▸ Data extracts:

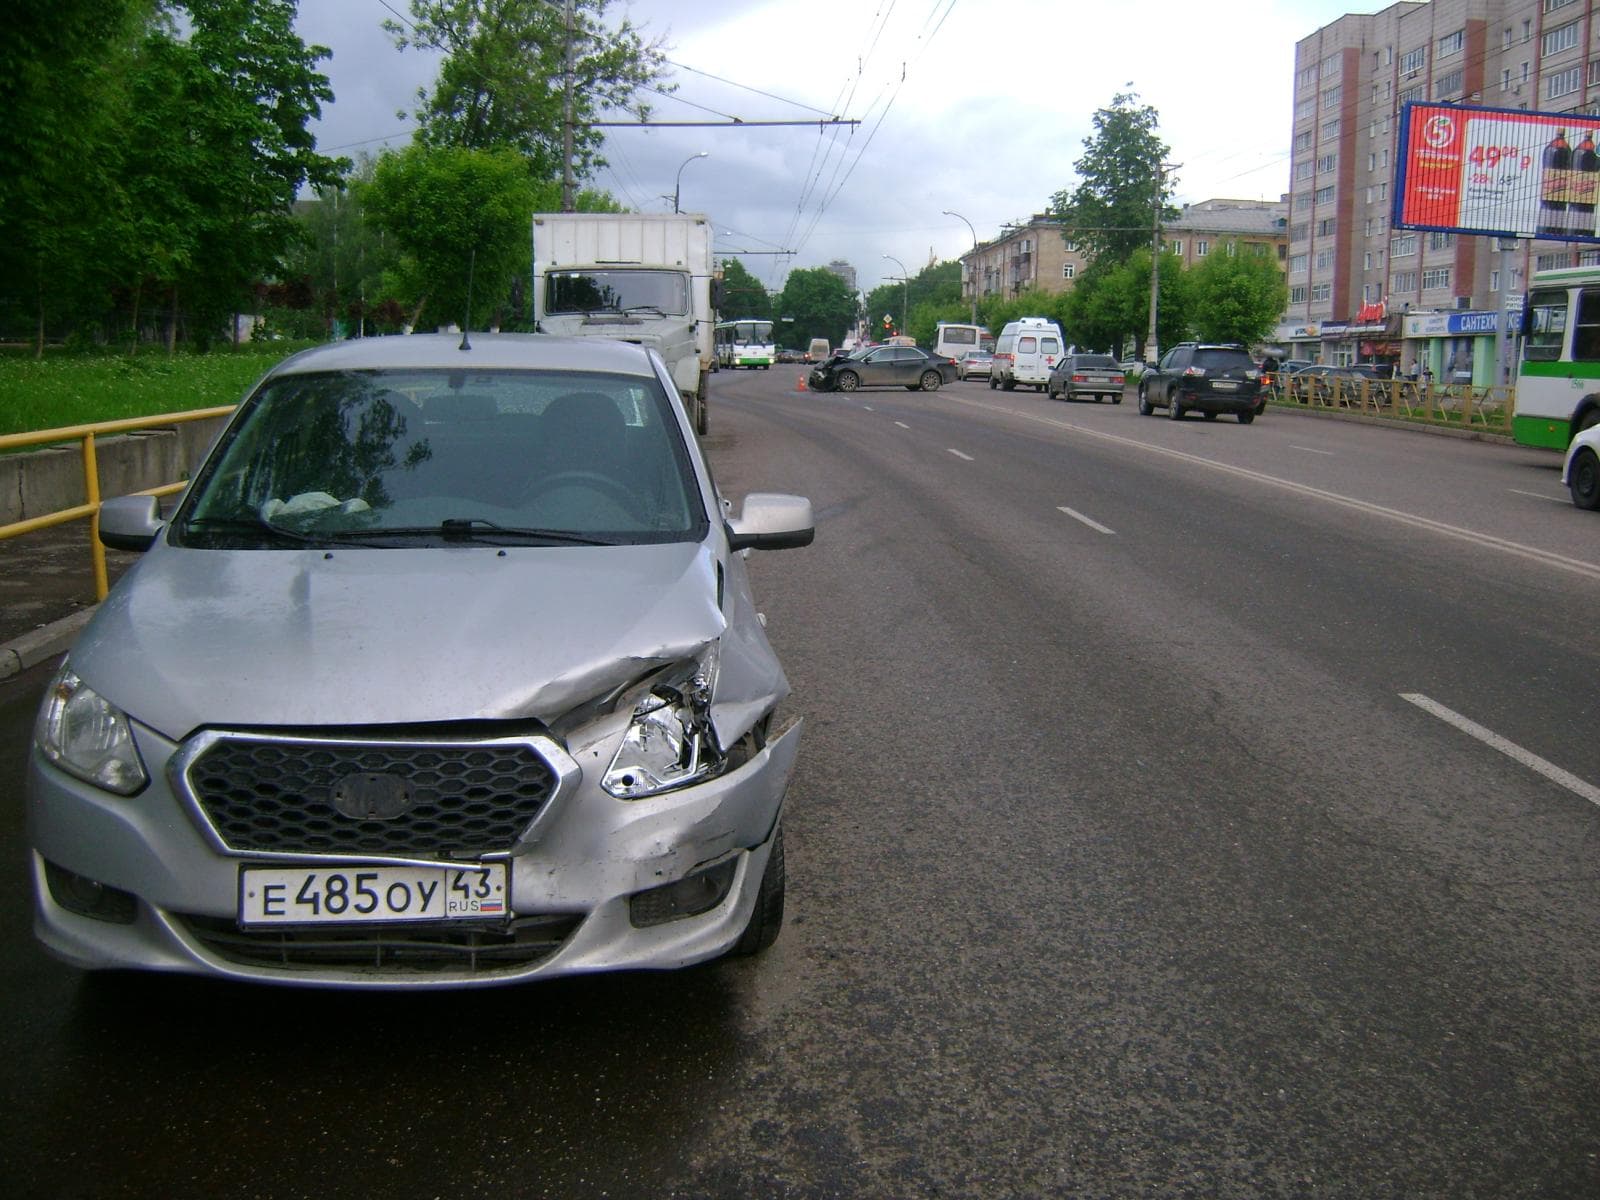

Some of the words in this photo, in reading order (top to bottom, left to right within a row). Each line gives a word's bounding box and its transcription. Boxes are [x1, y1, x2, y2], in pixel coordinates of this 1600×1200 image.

[1469, 145, 1500, 168] 49
[263, 873, 438, 916] Е485ОУ
[451, 868, 491, 899] 43
[448, 900, 479, 912] RUS

▸ What is expected: Except for the pictures, the whole listing above should be transcribed exactly.

▸ Result of the exercise:
Some of the words in this photo, in reading order (top to bottom, left to right within a row). Each line gives a word's bounding box and its transcription. Boxes are [x1, y1, x2, y2], in pixel coordinates of this 1600×1200 image.

[1469, 145, 1500, 168] 49
[263, 873, 438, 916] Е485ОУ
[451, 868, 491, 899] 43
[448, 900, 479, 912] RUS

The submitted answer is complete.